COEUR COUR PLANTE KEROUANTON

COEUR COUR PLANTE KEROUANTON

COEUR COUR PLANTE KEROUANTON

COEUR COUR PLANTE KEROUANTON    Vues en date du 27 juin. Le répit de la composition et de la plantation (voire de la peinture) enfin ?

 

   Depuis 2 ans, je m'évertue à rendre plus vivante et intime la cour du Village.

   - Le sol est maigre, ingrat, résultat d'un décapage féroce dans la pente naturelle, nécessaire à l'édification des bâtiments en terre (bauge), encore appauvri d'un nappage de graviers (avec sorte de mâchefer) probablement dans les années 70.

   Un filet d'humus hyper-sensible a fini par conquérir la surface, sujet aux moindres mouvements du ciel : le plus souvent garni de touffes pionnières que j'égalise régulièrement, mousses et herbes brûlées à l'occasion, comme lors des grandes chaleurs que nous venons de connaître.

   - La passion des plantes m'a d'abord fait entreposer au pied de l'hôté* les végétaux en attente de vrai sol et d'emplacement idoine, avec un questionnement permanent devant l'ampleur des lieux et ses disgrâces  dont l'imposant des bâtiments principaux (hauts et implantés en L) plutôt brutal hors champ lointain, fort patiné de surcroît.

   L'an dernier, le premier déclic de l'organisation s'est fait sur la base de grands pots en plastique très bon marché. Et l'emballement - double ! - a fait le reste, avec l'affirmation d'une division franche de l'espace, d'abord infructueuse (essai trop bas en 2021) dans l'idée d'un plan d'eau régulateur), et... cette année, la naissance d'une sorte de deuxième cour dans la cour.

   Autre foyer, autre noyau d'accueil ?

   (* L'hôté étant ce foyer domestique - fondamentalement visé.)

   A l'air libre !

   - Pour l'architecte, le test de la quantité, du faux plein (points de saturation), des lignes pures (carrés, cercles, perspectives) assouplies voire débordées, des harmonies colorées et formelles, des jeux de relations, etc. a monté en effervescence et atteint certains combles, à l'identique de l'intérieur de la maison d'ailleurs...

   La diversité des espèces botaniques disponible même en petit budget y a trouvé une expression entre "jardin sauvage" et netteté à la française que je préfère encore nommer expérimentale, tant la recherche y a été - et y est - incessante, livrée aux contingences et idées, versées au jour le jour dans un tableau, une sculpture, que dis-je ! : une architecture, amplement nourrie de sauges, de gaillardes, de ricin et autres splendeurs (que l'Homme a su co-élaborer avec dame Nature).
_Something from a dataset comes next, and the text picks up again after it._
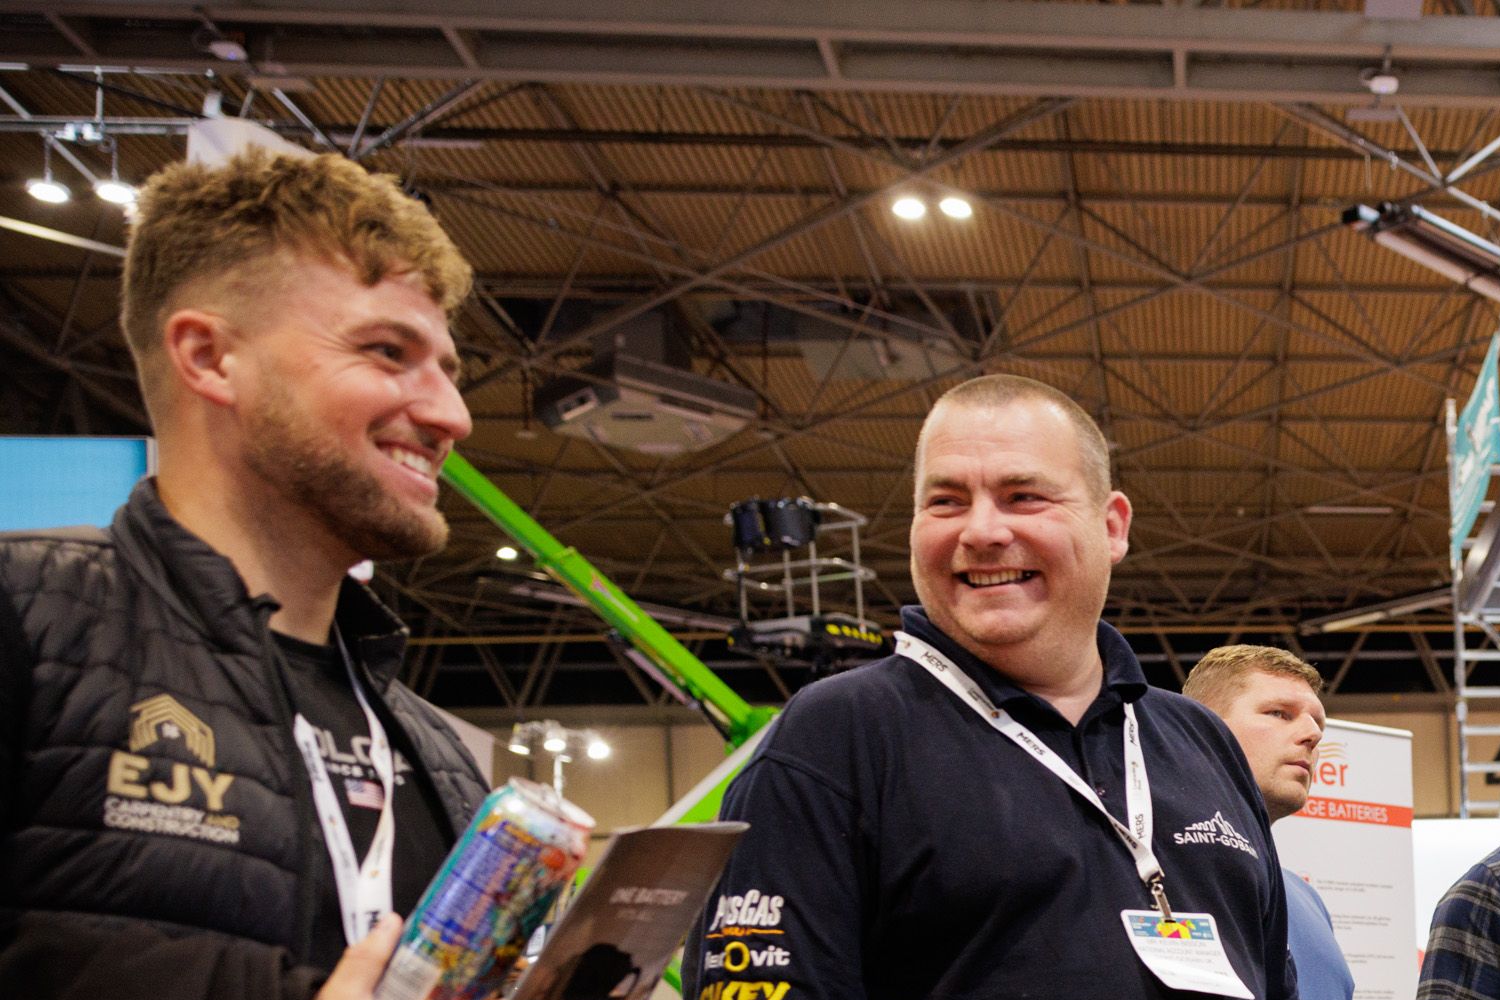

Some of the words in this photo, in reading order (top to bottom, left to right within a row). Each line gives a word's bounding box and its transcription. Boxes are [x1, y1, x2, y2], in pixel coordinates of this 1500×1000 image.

[920, 651, 949, 673] MERS
[106, 750, 236, 812] EJY
[1327, 801, 1389, 823] BATTERIES
   - La croissance végétale a dit et dira son mot !

   Le dernier ?

 

VERS LES GRANGES KEROUANTON   Selon la hauteur de la prise photographique, la forêt guette ! En date d'hier.

 

   Post scriptum :

   "Jardin sauvage"... De la formule à la représentation. Et de la réalité ?

    Selon de Précy...

      Miracles.

         Davantage.

   (Avec la LPO, modestement.)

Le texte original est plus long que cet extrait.